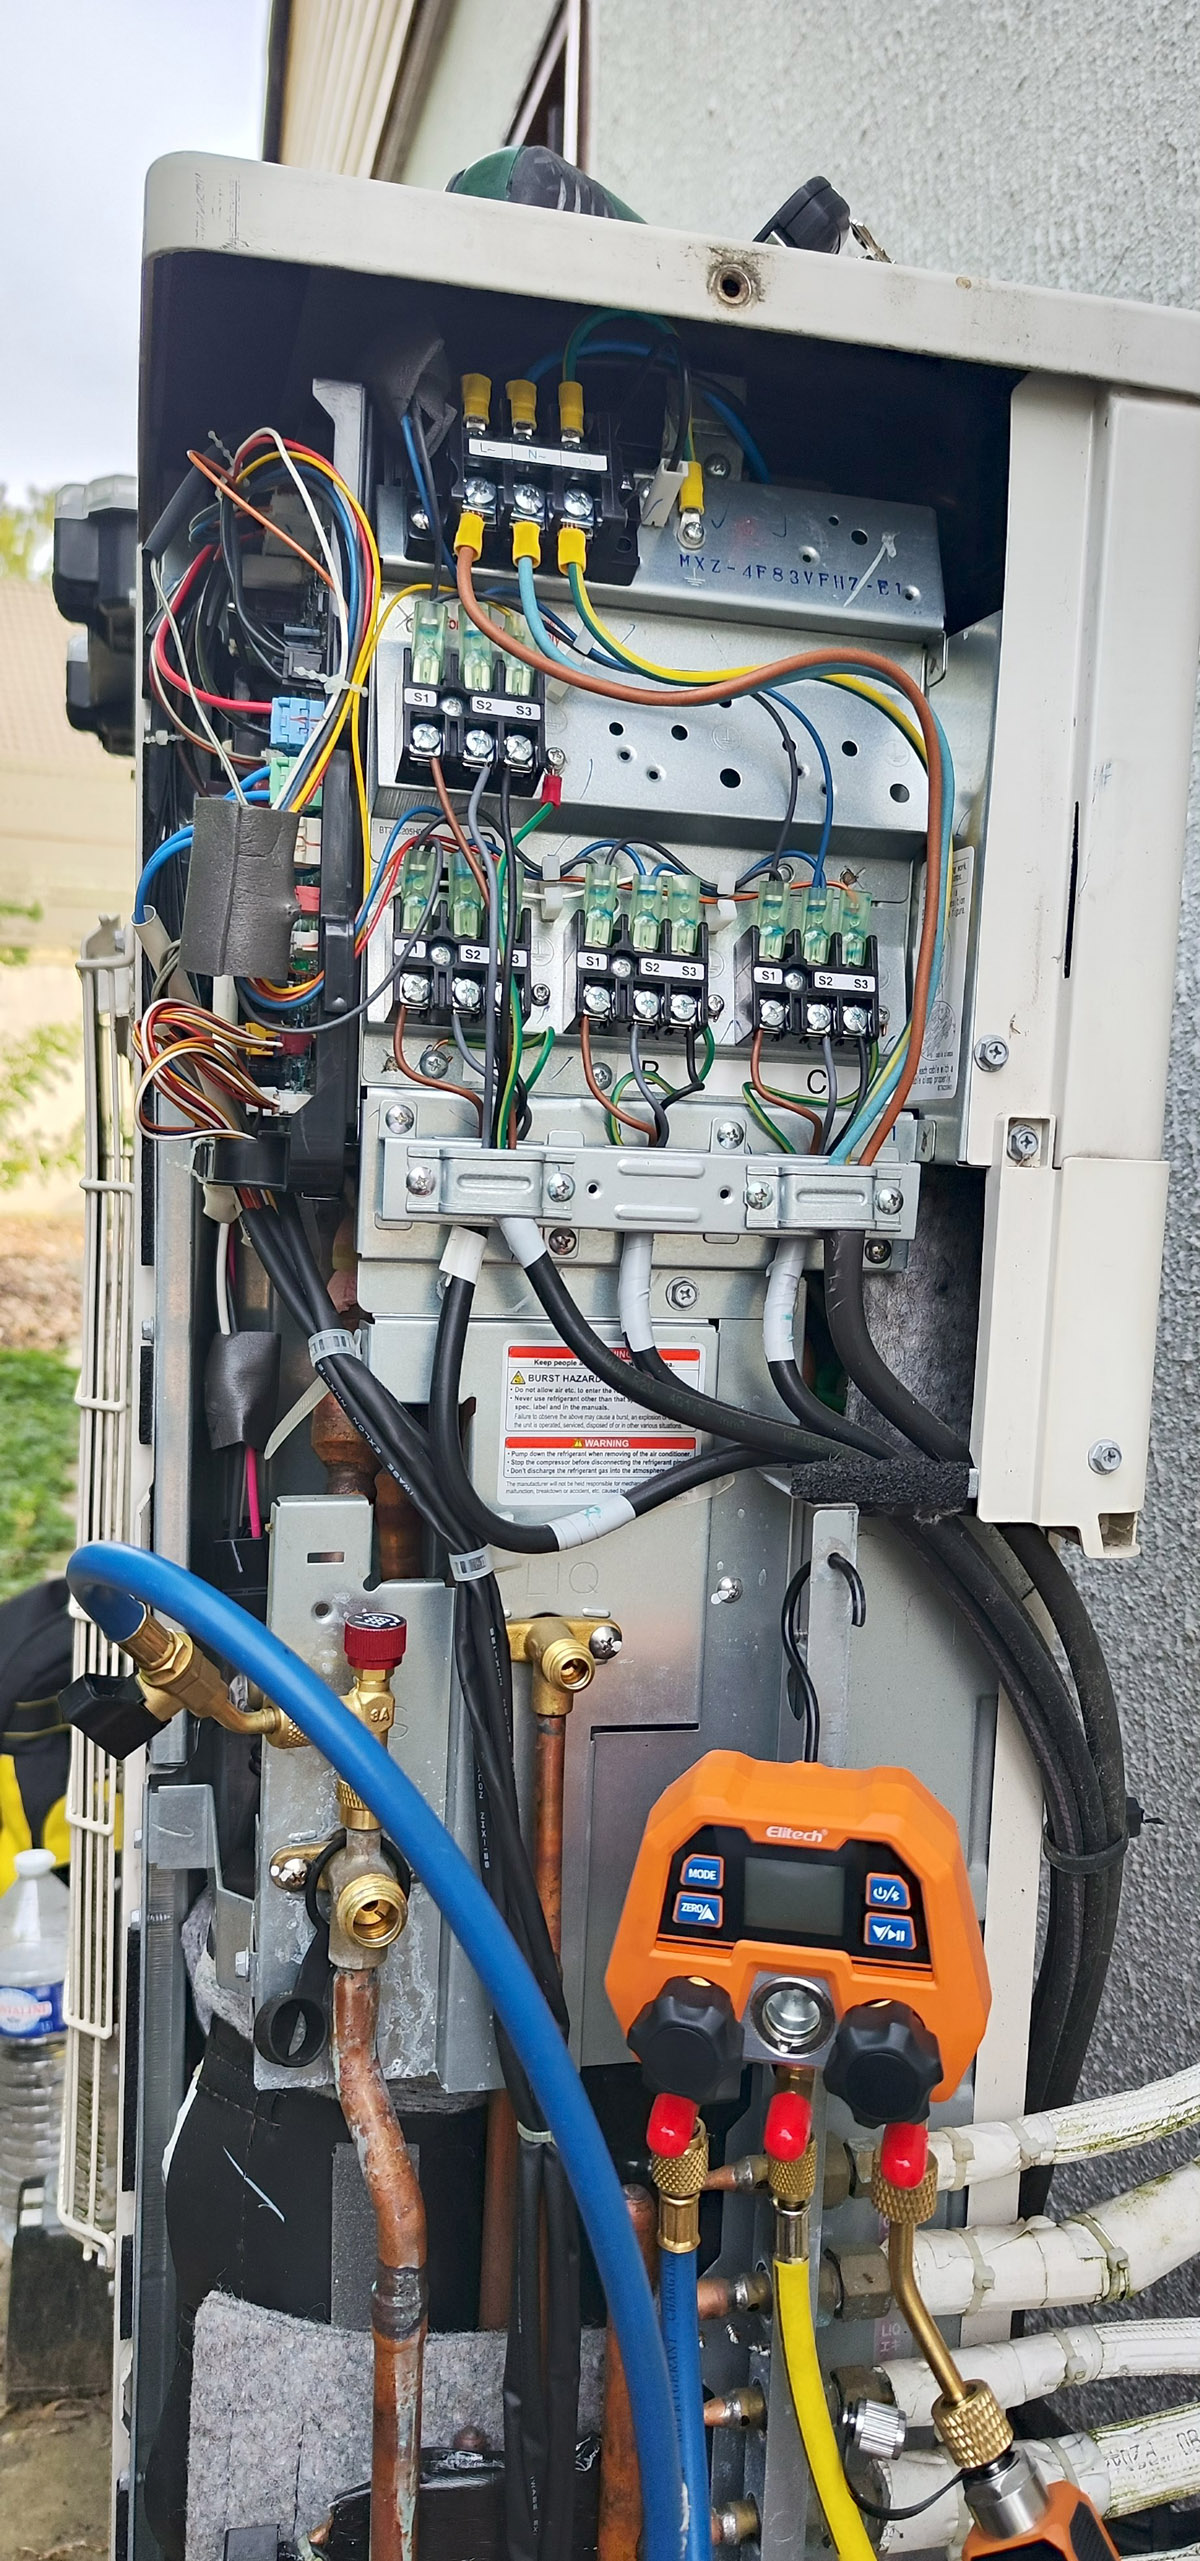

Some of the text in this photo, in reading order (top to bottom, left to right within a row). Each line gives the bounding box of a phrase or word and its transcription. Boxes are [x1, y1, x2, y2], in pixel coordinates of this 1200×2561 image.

[413, 692, 430, 703] S1
[476, 699, 533, 717] S2 S3
[465, 948, 482, 961] S2
[586, 956, 601, 967] S1
[645, 961, 697, 977] S2 S3
[761, 970, 776, 981] S1
[818, 975, 869, 990] S2 S3
[642, 1060, 660, 1086] B
[808, 1069, 828, 1095] C
[534, 1359, 553, 1368] Keep
[554, 1359, 577, 1367] people
[528, 1374, 601, 1383] BURST HAZARD
[547, 1395, 580, 1404] refrigerant
[515, 1404, 531, 1412] spec.
[587, 1414, 596, 1422] may
[638, 1414, 662, 1422] explosion
[539, 1422, 562, 1430] operated,
[563, 1422, 586, 1430] serviced,
[586, 1422, 610, 1431] disposed
[352, 1416, 382, 1455] EXLON
[585, 1439, 630, 1448] WARNING
[557, 1451, 588, 1459] refrigerant
[604, 1451, 632, 1459] removing
[511, 1459, 525, 1467] Stop
[536, 1459, 571, 1467] compressor
[590, 1459, 632, 1468] disconnecting
[642, 1459, 673, 1468] refrigerant
[527, 1467, 556, 1475] discharge
[567, 1467, 598, 1475] refrigerant
[386, 1463, 414, 1497] IWASE
[586, 1481, 613, 1489] responsible
[525, 1561, 600, 1597] LIQ
[766, 1825, 823, 1843] Elitech
[688, 1868, 717, 1881] MODE
[681, 1902, 704, 1914] ZERO
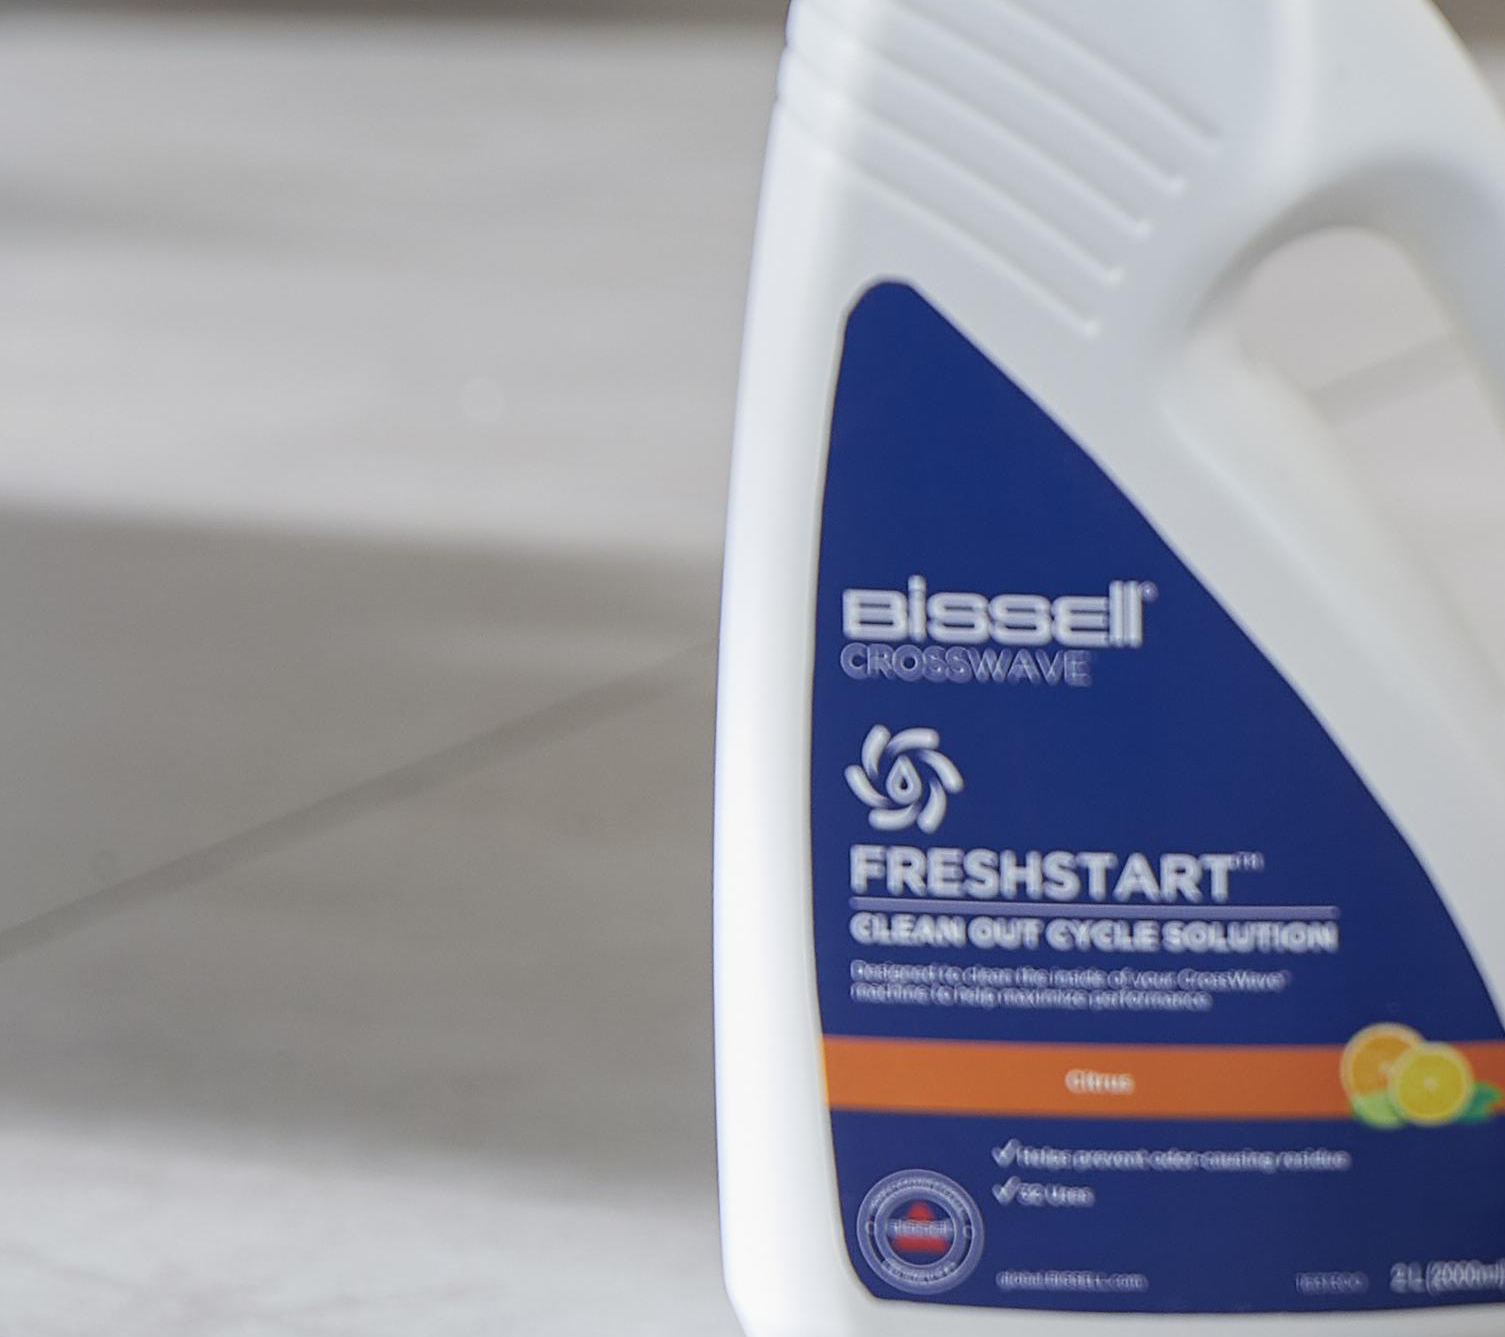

**Work order**
Pictures aside, reproduce every record exactly as it stands.

**Response**
Some of the text in this photo, in reading order (top to bottom, left to right within a row). Each line gives the bounding box of a phrase or word and its transcription. Boxes are [x1, y1, x2, y2], in pixel coordinates of this 1200×2561 image.

[413, 692, 430, 703] S1
[476, 699, 533, 717] S2 S3
[465, 948, 482, 961] S2
[586, 956, 601, 967] S1
[645, 961, 697, 977] S2 S3
[761, 970, 776, 981] S1
[818, 975, 869, 990] S2 S3
[642, 1060, 660, 1086] B
[808, 1069, 828, 1095] C
[534, 1359, 553, 1368] Keep
[554, 1359, 577, 1367] people
[528, 1374, 601, 1383] BURST HAZARD
[547, 1395, 580, 1404] refrigerant
[515, 1404, 531, 1412] spec.
[587, 1414, 596, 1422] may
[638, 1414, 662, 1422] explosion
[539, 1422, 562, 1430] operated,
[563, 1422, 586, 1430] serviced,
[586, 1422, 610, 1431] disposed
[352, 1416, 382, 1455] EXLON
[585, 1439, 630, 1448] WARNING
[557, 1451, 588, 1459] refrigerant
[604, 1451, 632, 1459] removing
[511, 1459, 525, 1467] Stop
[536, 1459, 571, 1467] compressor
[590, 1459, 632, 1468] disconnecting
[642, 1459, 673, 1468] refrigerant
[527, 1467, 556, 1475] discharge
[567, 1467, 598, 1475] refrigerant
[386, 1463, 414, 1497] IWASE
[586, 1481, 613, 1489] responsible
[525, 1561, 600, 1597] LIQ
[766, 1825, 823, 1843] Elitech
[688, 1868, 717, 1881] MODE
[681, 1902, 704, 1914] ZERO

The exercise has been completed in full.